L'EUROPA E L'ACCOGLIENZA DEI MIGRANTI
L'editoriale del direttore, don Alessio Magoga
«La storia in questi ultimi decenni ha dato segni di un ritorno al passato: i conflitti si riaccendono in diverse parti del mondo, nazionalismi e populismi si riaffacciano a diverse latitudini, la costruzione di muri e il ritorno dei migranti in luoghi non sicuri appaiono come l’unica soluzione di cui i governi siano capaci per gestire la mobilità umana». Così Papa Francesco nel suo messaggio inviato per i 40 anni del “Centro Astalli” di Roma per il servizio ai rifugiati, che si sono celebrati lo scorso 14 novembre. Le sue parole suonano come una critica a quelle politiche – anche dei Paesi europei – che intendono intervenire nei confronti dei migranti esclusivamente con la strategia dei respingimenti. Tra questi Paesi, la Polonia, che ha annunciato la volontà di costruire una barriera di 180 chilometri lungo la frontiera con la Bielorussia: quella stessa frontiera che in questi giorni l’esercito polacco sta presidiando per allontanare i migranti provenienti per lo più Kurdistan iracheno e che vi si accalcano per entrare in Europa (ne abbiamo parlato già ne L’Azione del 14 novembre, in “Quartapagina”).
Lunedì scorso il presidente della Repubblica, Sergio Mattarella, durante un intervento all’Università di Siena, si è espresso sulle politiche europee di gestione dei movimenti migratori verso l’Europa. Mentre ha elogiato l’accoglienza da parte dell’Ateneo senese di alcuni studenti afghani, ha messo in guardia da «un fenomeno di strano disallineamento, di incoerenza, di contraddittorietà, tra i principi dell’Unione, tra le solenni affermazioni di solidarietà nei confronti degli afgani che perdono la libertà, e il rifiuto di accoglierli». E con preoccupazione ha poi lanciato un grido di allarme: «Sconcertante è quanto avviene in più luoghi ai confini dell’Unione; è sorprendente il divario tra i grandi principi proclamati dai padri fondatori dell’Ue e il non tenere conto della fame e del freddo cui sono esposti essere umani ai confini dell’Unione europea».

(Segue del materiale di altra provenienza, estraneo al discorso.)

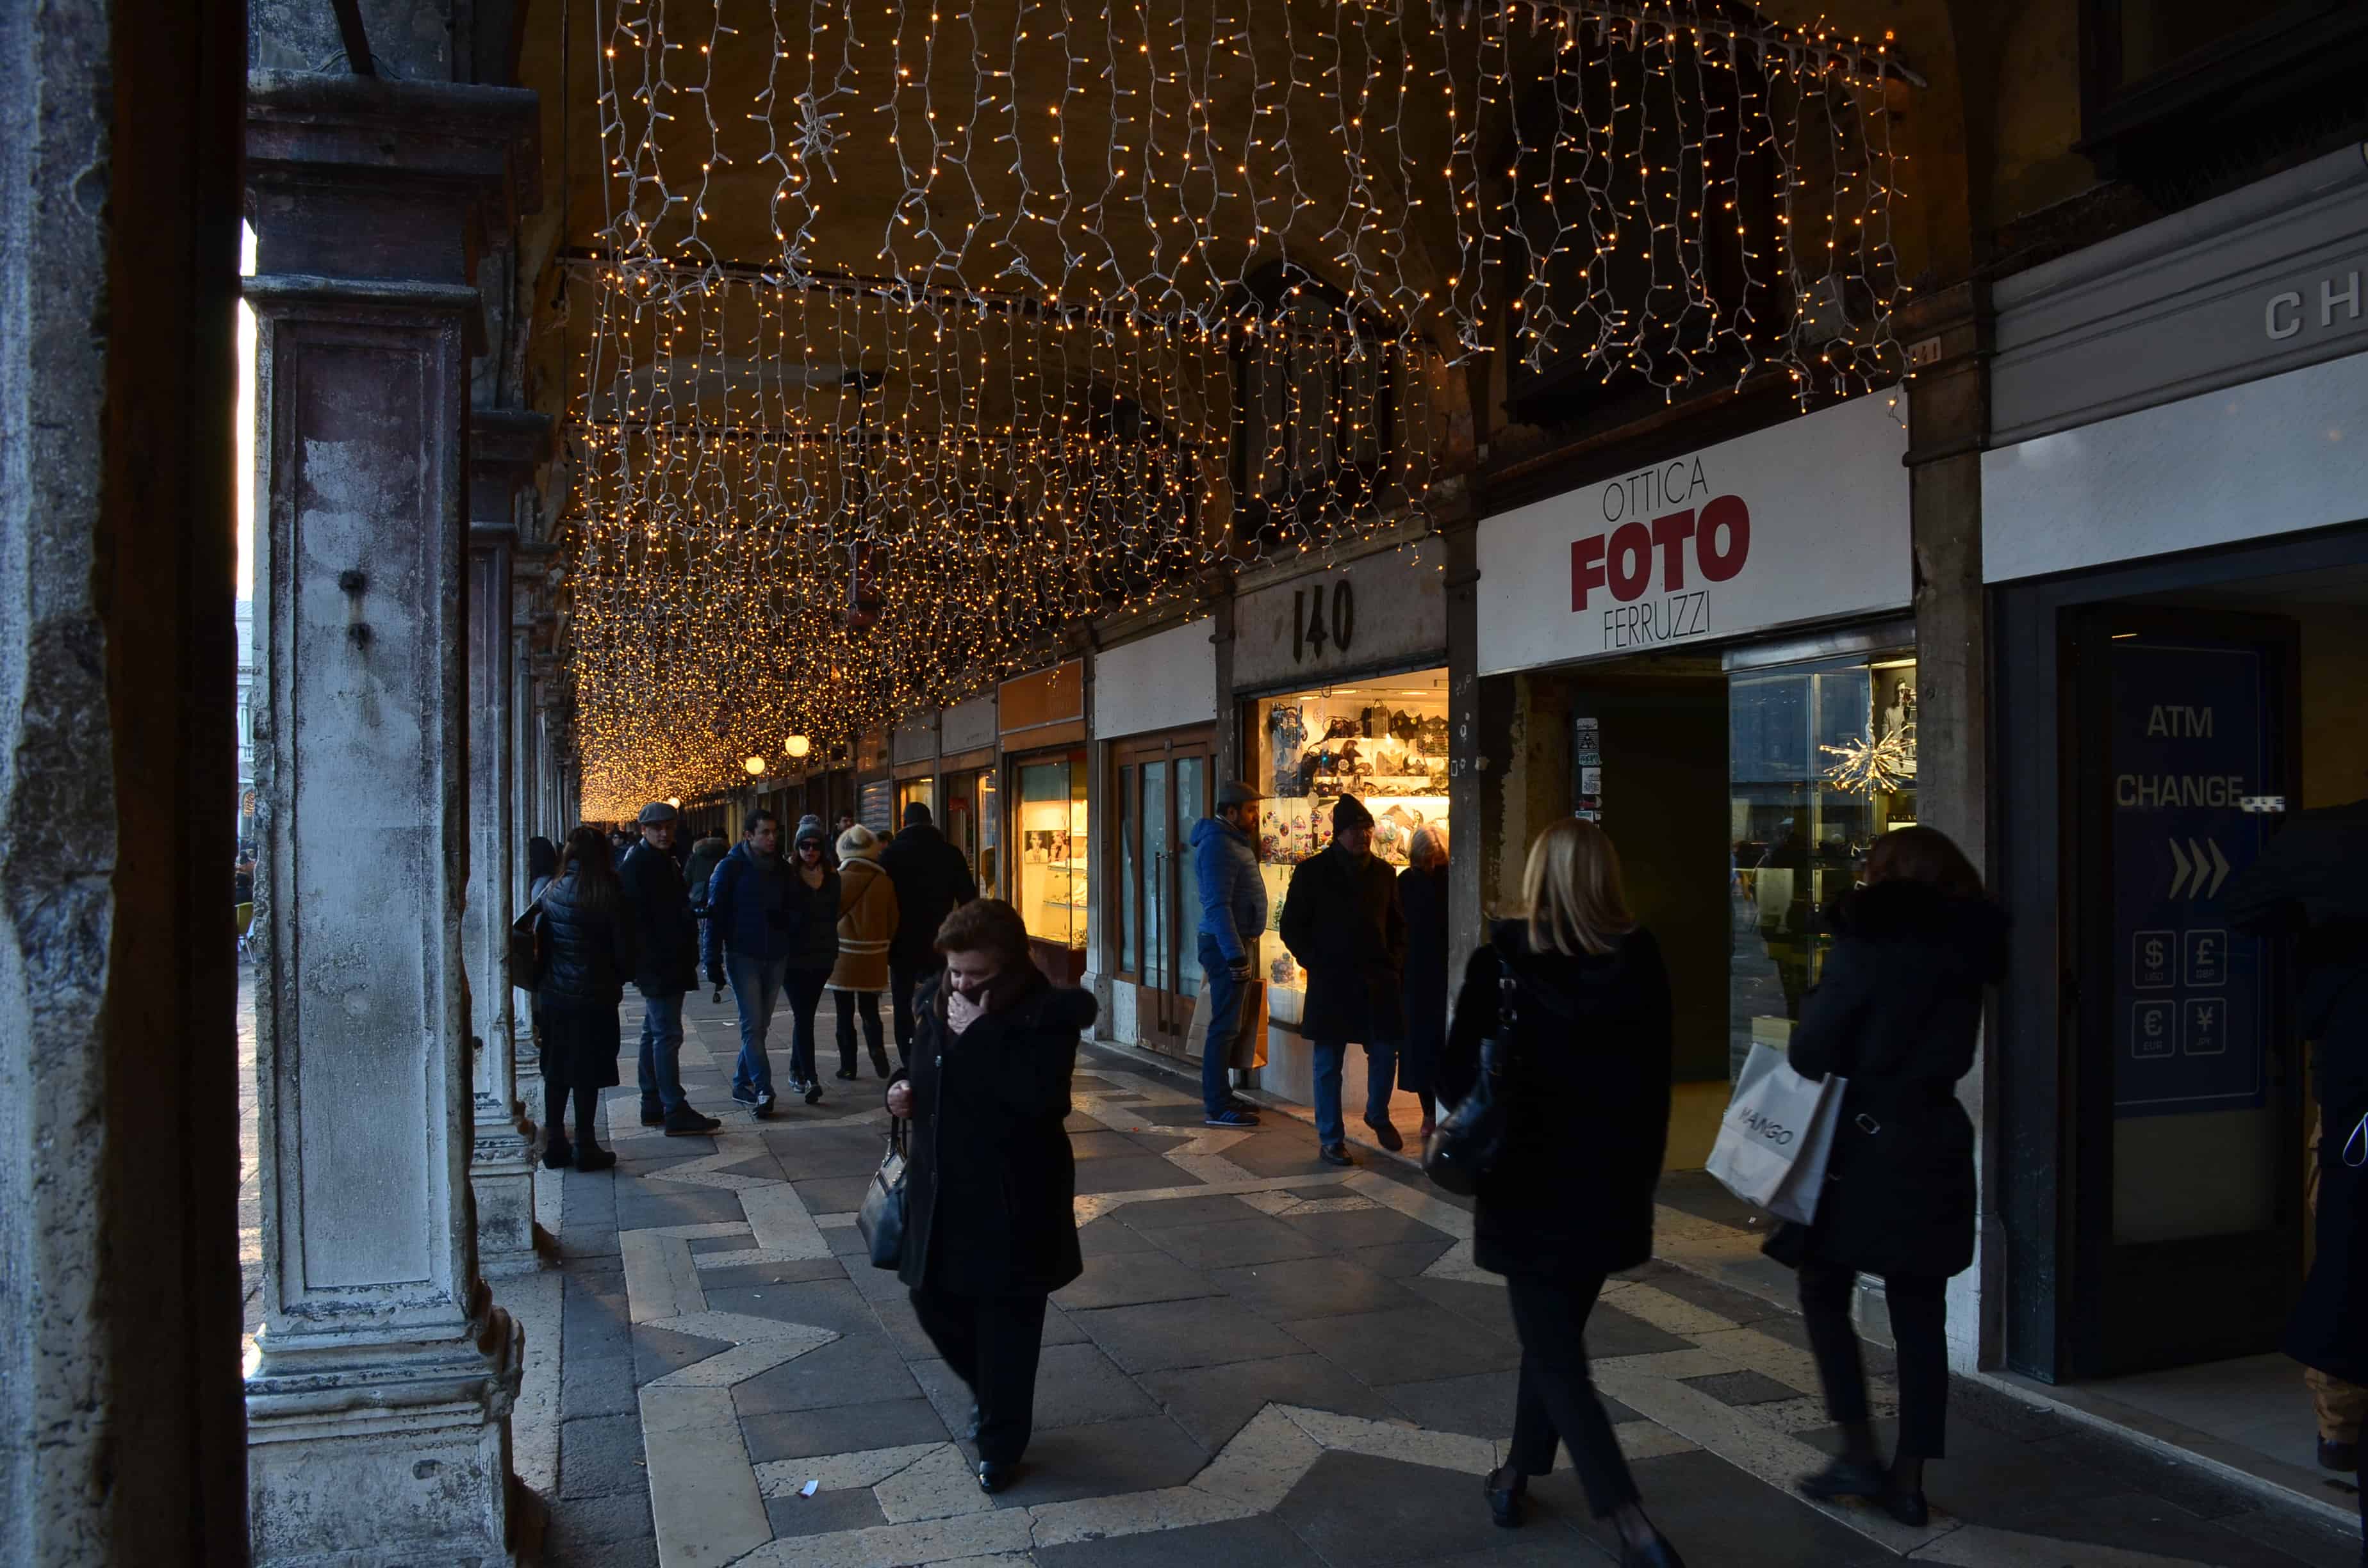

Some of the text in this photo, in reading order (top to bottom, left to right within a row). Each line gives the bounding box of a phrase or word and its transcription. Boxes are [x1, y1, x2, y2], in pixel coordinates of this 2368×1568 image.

[2265, 271, 2360, 341] CH
[1602, 455, 1709, 522] OTTICA
[1571, 494, 1750, 612] FOTO
[1293, 579, 1353, 664] 140
[1604, 590, 1710, 649] FERRUZZI
[2147, 705, 2214, 738] ATM
[2116, 773, 2243, 808] CHANGE
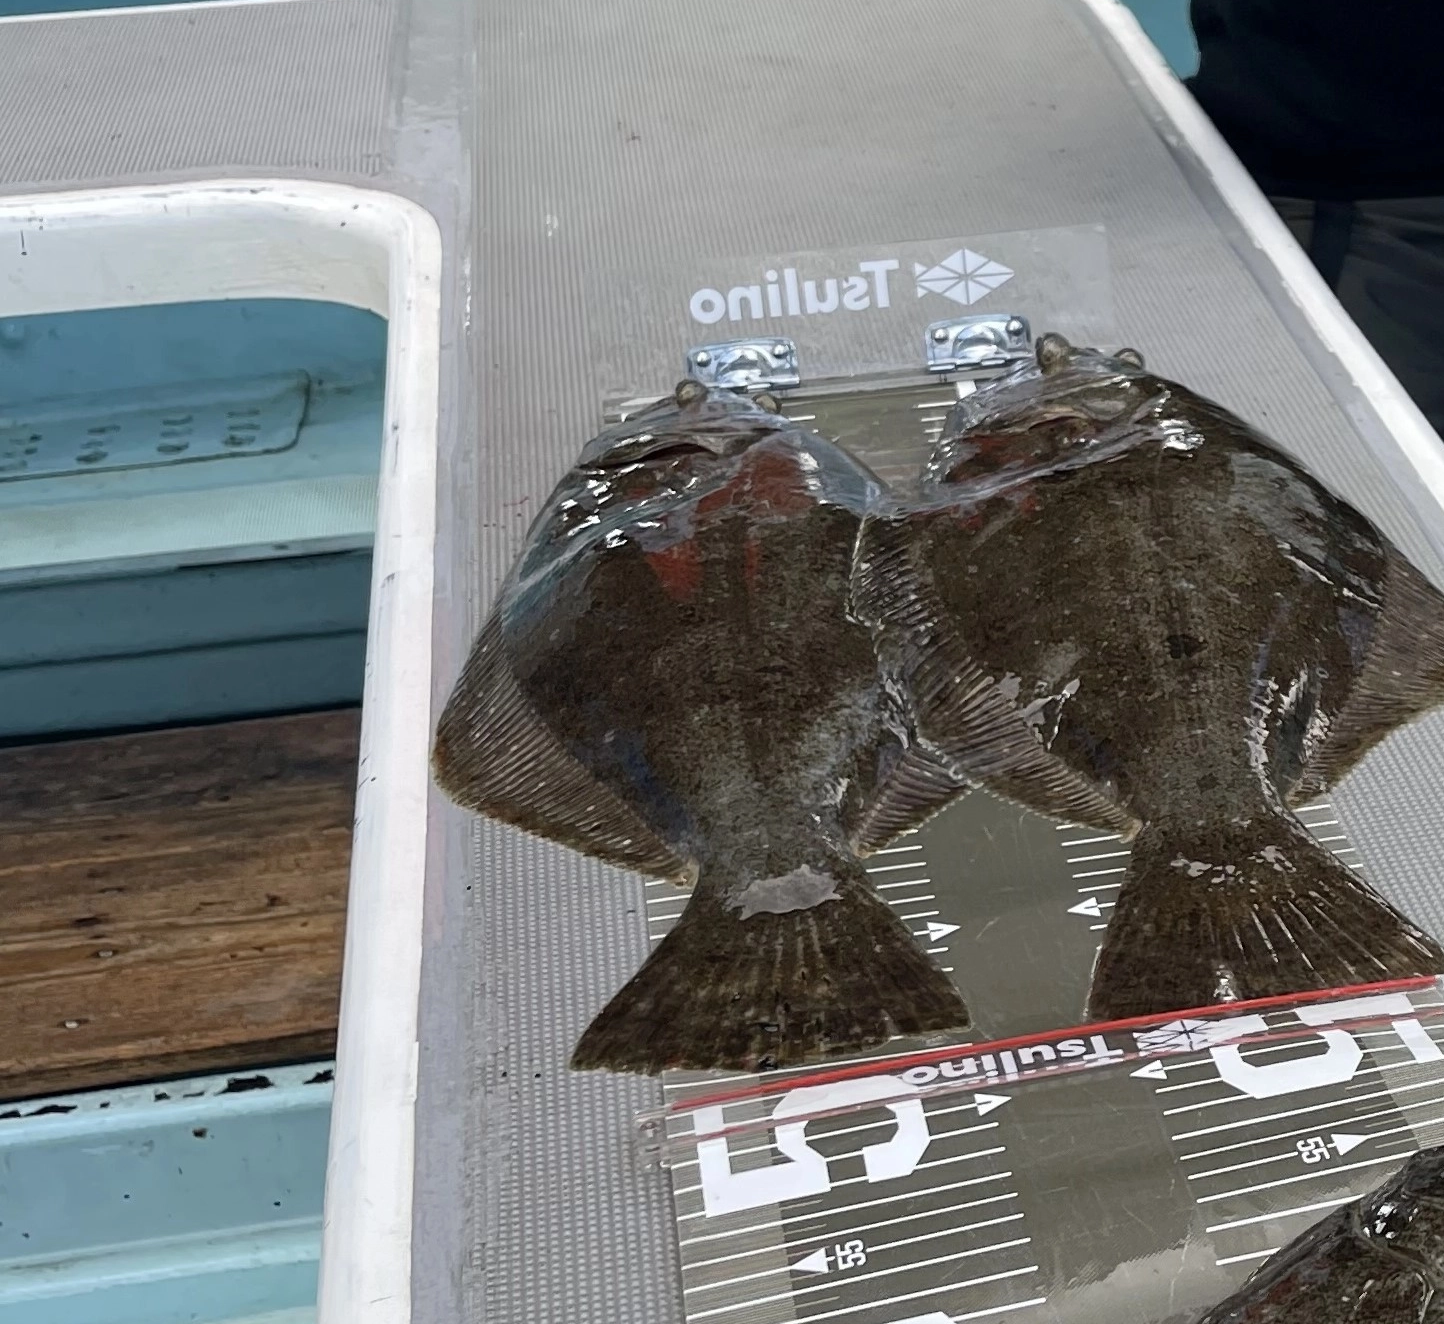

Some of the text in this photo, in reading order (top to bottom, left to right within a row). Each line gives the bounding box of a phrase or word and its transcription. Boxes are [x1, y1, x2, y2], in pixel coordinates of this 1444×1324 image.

[900, 1032, 1124, 1085] Tsulino
[1209, 993, 1444, 1099] 5
[693, 1074, 930, 1217] 5
[1296, 1135, 1331, 1165] 55
[837, 1239, 867, 1270] 55

Con un titolo ed una copertina d’impatto (“Se questa è Europa”, con una corona di filo spinato giallo su campo blu, che richiama la bandiera della Unione europea), anche il quotidiano “Avvenire”, lo scorso 16 novembre, ha preso posizione sui fatti al confine tra Polonia e Bielorussia, contestualizzandoli però nell’ambito più ampio delle politiche europee di gestione dei flussi migratori. Nella conclusione del suo forte editoriale, Marco Tarquinio si chiede: «Se l’Europa è i campi di concentramento di Lesbo. Se l’Europa è il finanziamento diretto o indiretto dei lager e dei negrieri di Libia. Se l’Europa è l’intrico balcanico di recinti, campi minati e miliziani picchiatori. Se l’Europa è i fucili spianati di Ceuta e Melilla. Se l’Europa è le “giungle” di Calais. Se l’Europa sono gli eserciti schierati ai confini orientali e i poveri in mezzo. Se questa è l’Europa, l’Europa è imbelle, incrudelita e tradita. E noi non possiamo più dirci europei».
L’Europa è anche altro, ovviamente... È il Centro Astalli che da quattro decenni accoglie rifugiati da tutto il mondo. È l’Università di Siena che permette ad alcuni giovani afghani di studiare. Sono le “lanterne verdi” delle case polacche che segnalano la disponibilità a dare soccorso ai profughi in fuga dal confine. Europa è anche l’insieme di iniziative che le Caritas dei diversi Paesi stanno organizzando per l’emergenza al confine tra Polonia e Bielorussia: tra queste, in prima fila, anche Caritas Italiana (sul sito www.caritas.it le modalità per poter dare un aiuto concreto). Sono questi «i segni di speranza – ancora le parole di papa Francesco rivolte al Centro Astalli – che ci permettono di sognare di camminare insieme come un popolo nuovo “verso un noi sempre più grande”». Accanto a questi segni, però, ci vuole anche una politica europea diversa, più coesa ed organica, capace di affrontare il fenomeno migratorio non più come una “emergenza”, poiché – visto il suo perdurare – non può più essere definito come tale. Una politica, in sostanza, più umana e all’altezza di quei valori che stanno all’origine della stessa Europa, perché – e sono ancora le parole di Tarquinio - «europei, una buona volta, dobbiamo deciderci a essere».